• [DIRECTIONS] What you give back should be only the lines from the one holding "Some of the words" through the final line of the records, each reproduced exactly.

..............................

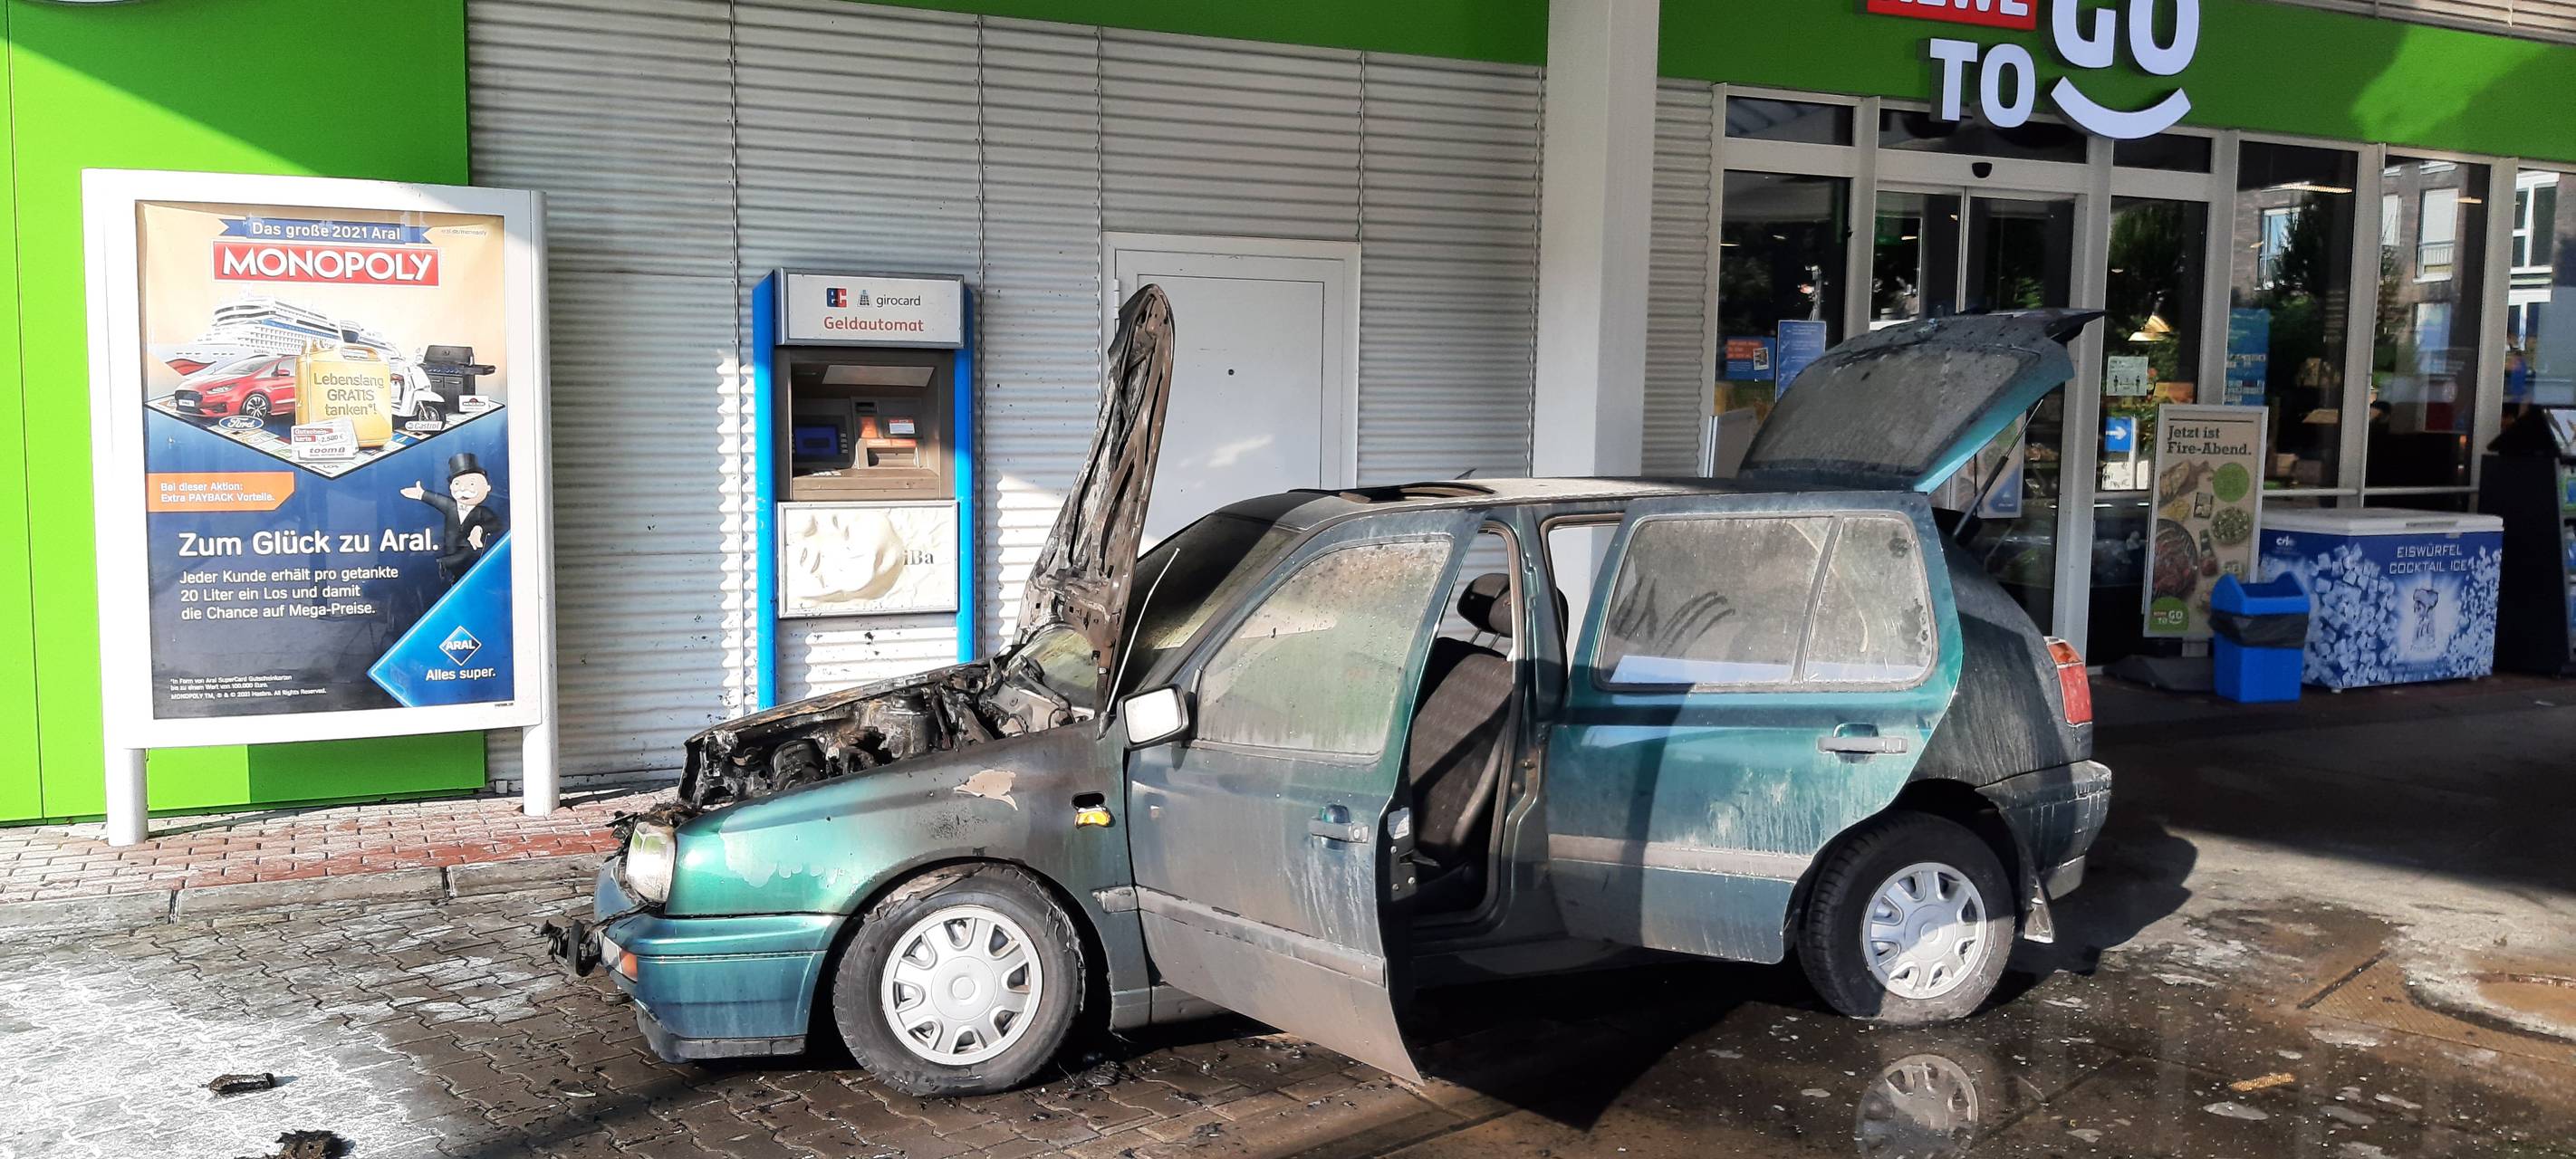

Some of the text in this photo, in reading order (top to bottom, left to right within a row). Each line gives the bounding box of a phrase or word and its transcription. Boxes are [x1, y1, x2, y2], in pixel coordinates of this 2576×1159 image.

[1930, 0, 2200, 128] TO GO
[253, 222, 400, 240] Das große 2021 Aral
[223, 245, 433, 282] MONOPOLY
[876, 294, 921, 308] girocard
[823, 316, 924, 331] Geldautomat
[313, 372, 384, 388] Lebenslang
[327, 389, 375, 401] GRATIS
[414, 422, 440, 431] Castrol
[2167, 426, 2220, 441] Jetzt ist
[2166, 442, 2252, 455] Fire-Abend.
[160, 482, 244, 492] Bei dieser Aktion:
[161, 492, 275, 503] Extra PAYBACK Vorteile.
[178, 528, 438, 557] Zum Glück zu Aral.
[903, 549, 935, 566] iBa
[2397, 543, 2463, 558] EISWÜRFEL
[2389, 560, 2468, 574] COCKTAIL ICE
[179, 566, 399, 584] Jeder Kunde erhält pro getankte
[180, 584, 361, 602] 20 Liter ein Los und damit
[181, 602, 376, 620] die Chance auf Mega-Preise.
[2168, 609, 2184, 621] GO
[446, 639, 476, 651] ARAL
[425, 667, 496, 682] Alles super.
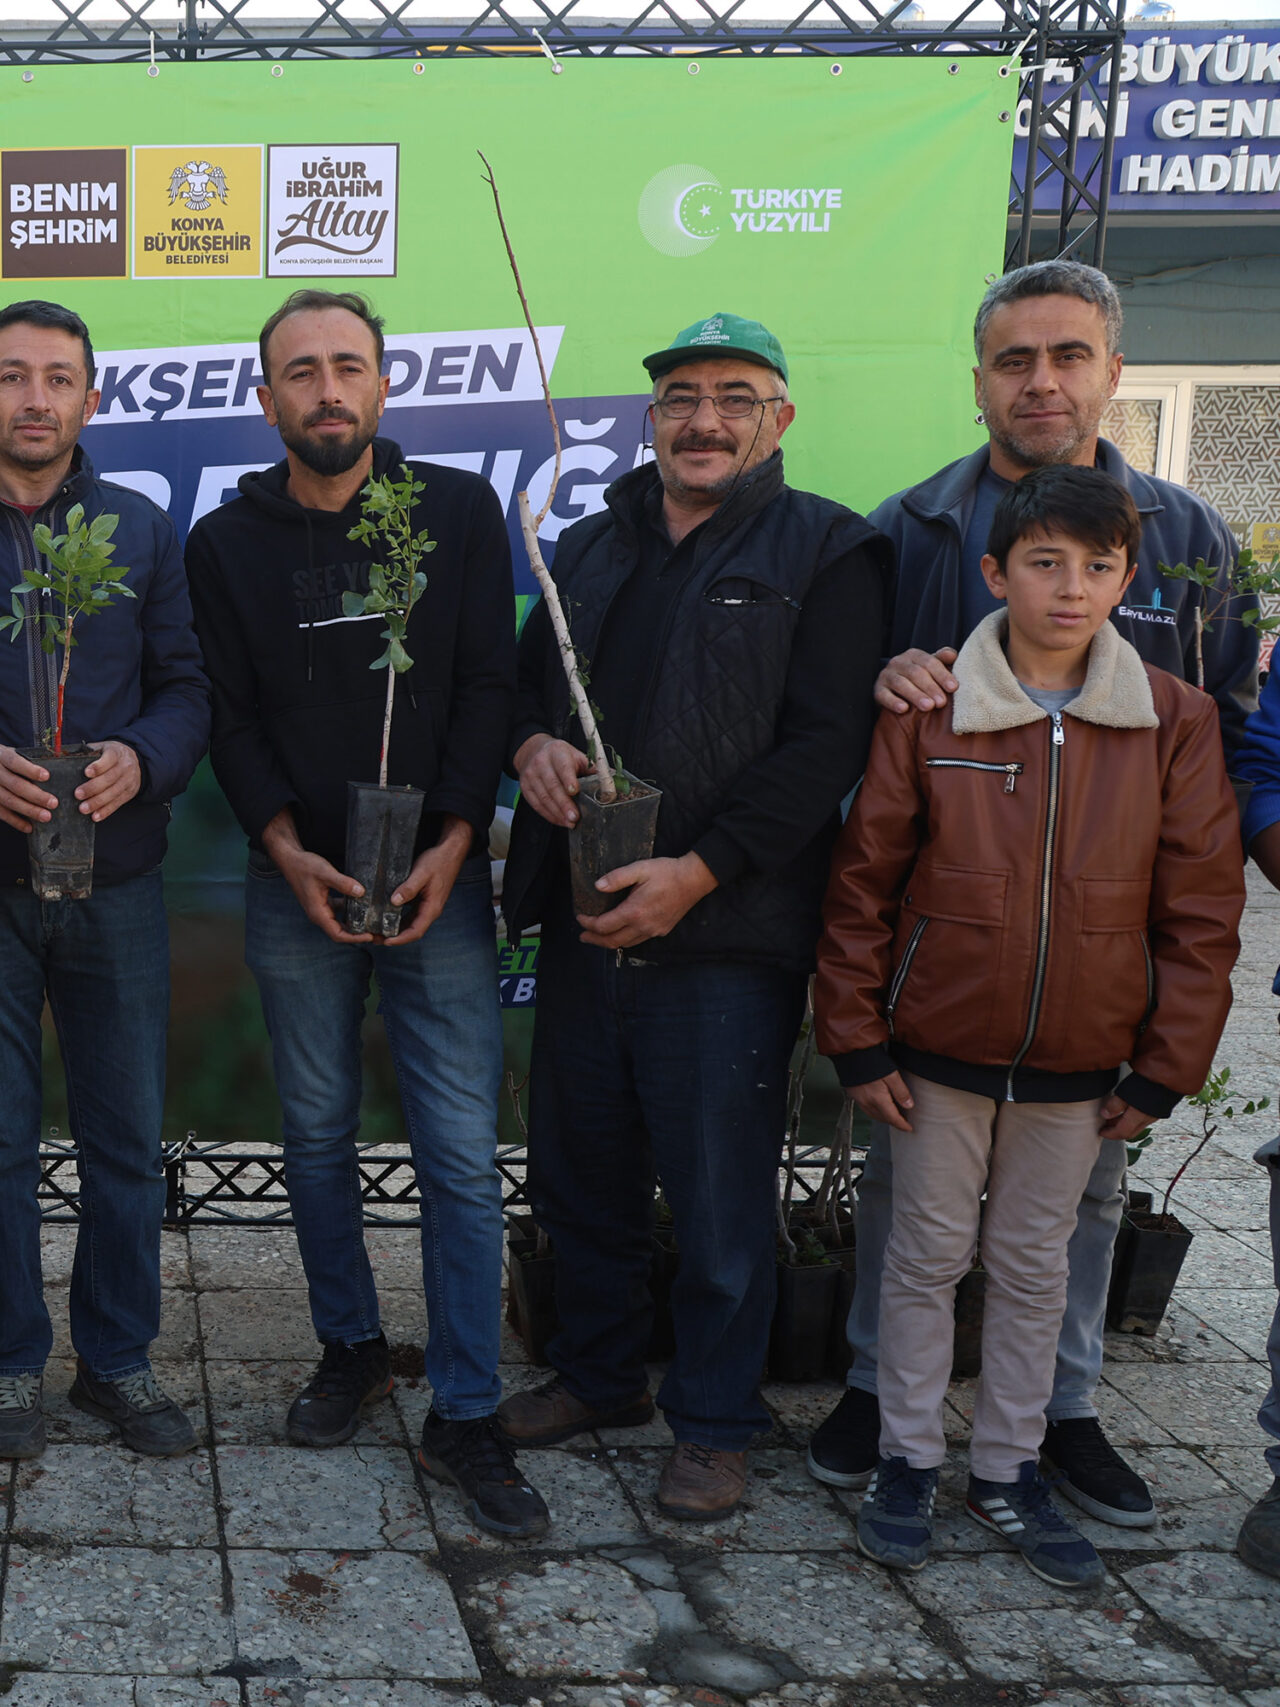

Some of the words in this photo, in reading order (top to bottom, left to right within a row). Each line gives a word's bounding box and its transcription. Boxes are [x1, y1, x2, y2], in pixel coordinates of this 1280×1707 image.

[301, 157, 366, 179] UĞUR
[171, 217, 225, 231] KONYA
[276, 199, 389, 255] Altay

..............................

• [EXERCISE RESPONSE]
Some of the words in this photo, in reading order (top to bottom, left to right within a row). Each line gives a word's bounding box and its transcription. Boxes are [x1, y1, x2, y2], in pixel coordinates of this 1280×1707 image.

[301, 157, 366, 179] UĞUR
[171, 217, 225, 231] KONYA
[276, 199, 389, 255] Altay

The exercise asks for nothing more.